# Lab 10: The Shell Environment¶

In this lab you will customize your login environment to suit your needs and preferences. By modifying environment variables and editing your .bash_profile and .bashrc files, you will customize your shell environment in a number of different ways.

## Procedure¶

### Environment Variables¶

1. Display the contents of your PWD environment variable. Change to your bin subdirectory and display the same variable. How did it change?

2. Change back to your home directory.

3. Display the contents of your PATH environment variable. Note the colon (:) separating the different directory names. What is the last directory in which the system searches for commands?

4. Make a new environment variable called GREETING and assign it an appropriate salutation. Don’t forget to use quotes if your message has whitespace in it.

5. Use the env command to see if it is in your environment. Is it there? What must you do to put it in the environment?

6. Export the variable GREETING and use env to verify it’s there.

7. Invoke a new bash shell process by typing:

bash

Now use the unset command to unset the variable PS1. What Happened?

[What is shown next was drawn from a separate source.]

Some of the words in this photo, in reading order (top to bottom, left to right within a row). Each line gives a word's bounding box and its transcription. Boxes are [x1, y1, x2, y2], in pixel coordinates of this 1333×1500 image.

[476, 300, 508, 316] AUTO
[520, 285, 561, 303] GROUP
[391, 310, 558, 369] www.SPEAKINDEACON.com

8. Reset the PS1 variable by entering the following command:

PS1="At your service: "

What happens to your primary prompt?

9. Now exit out of the child shell by typing exit. What is the prompt now? What does this tell you about the effect changes made by children have on their parents?

### The .bashrc File¶

Aliasing is a mechanism provided by the bash shell that allows you to define your own commands, or to redefine UNIX commands. Alias definitions should be stored in your .bashrc file Normally, .bashrc is a file that you own and you are free to change. On Opus3 I accidentally made your .bashrc a symlink. You have to fix that.

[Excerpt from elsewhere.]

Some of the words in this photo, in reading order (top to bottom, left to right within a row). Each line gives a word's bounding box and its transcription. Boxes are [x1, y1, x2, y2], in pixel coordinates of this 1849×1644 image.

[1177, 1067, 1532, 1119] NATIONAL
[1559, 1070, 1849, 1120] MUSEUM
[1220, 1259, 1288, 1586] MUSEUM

1. Fix your .bashrc by overwriting the simlink.

rm ~/.bashrc
cp /etc/skel/.bashrc ~/.bashrc

2. Edit the .bashrc file in your home directory by adding the following three lines to the bottom of the file:

alias bye="clear; exit"
alias rm="rm -i"
alias bill="cd /home/cis90/\${LOGNAME}/poems/Shakespeare"

3. Edit your .bashrc and make the following changes:

1. Add a command to set your umask to: umask 006

2. Below the umask command line, turn messaging off with the command:

mesg n

3. Add a shell environment variable named, BIRTHDAY and set it equal to the date of your birth (it doesn’t have to be your real birthday) using the format mm/dd/yy.

4. Export this variable, since you will want your children to know when your birthday is.

5. Now that you have made these changes, run your .bashrc file using the UNIX dot source command:

source .bashrc

4. Try out your new rm command by removing some file you don’t need anymore.

5. Run your bill command. What happens?

6. Try out your bye command.

## Submittal¶

To turn in your lab submit your .bashrc file on Canvas.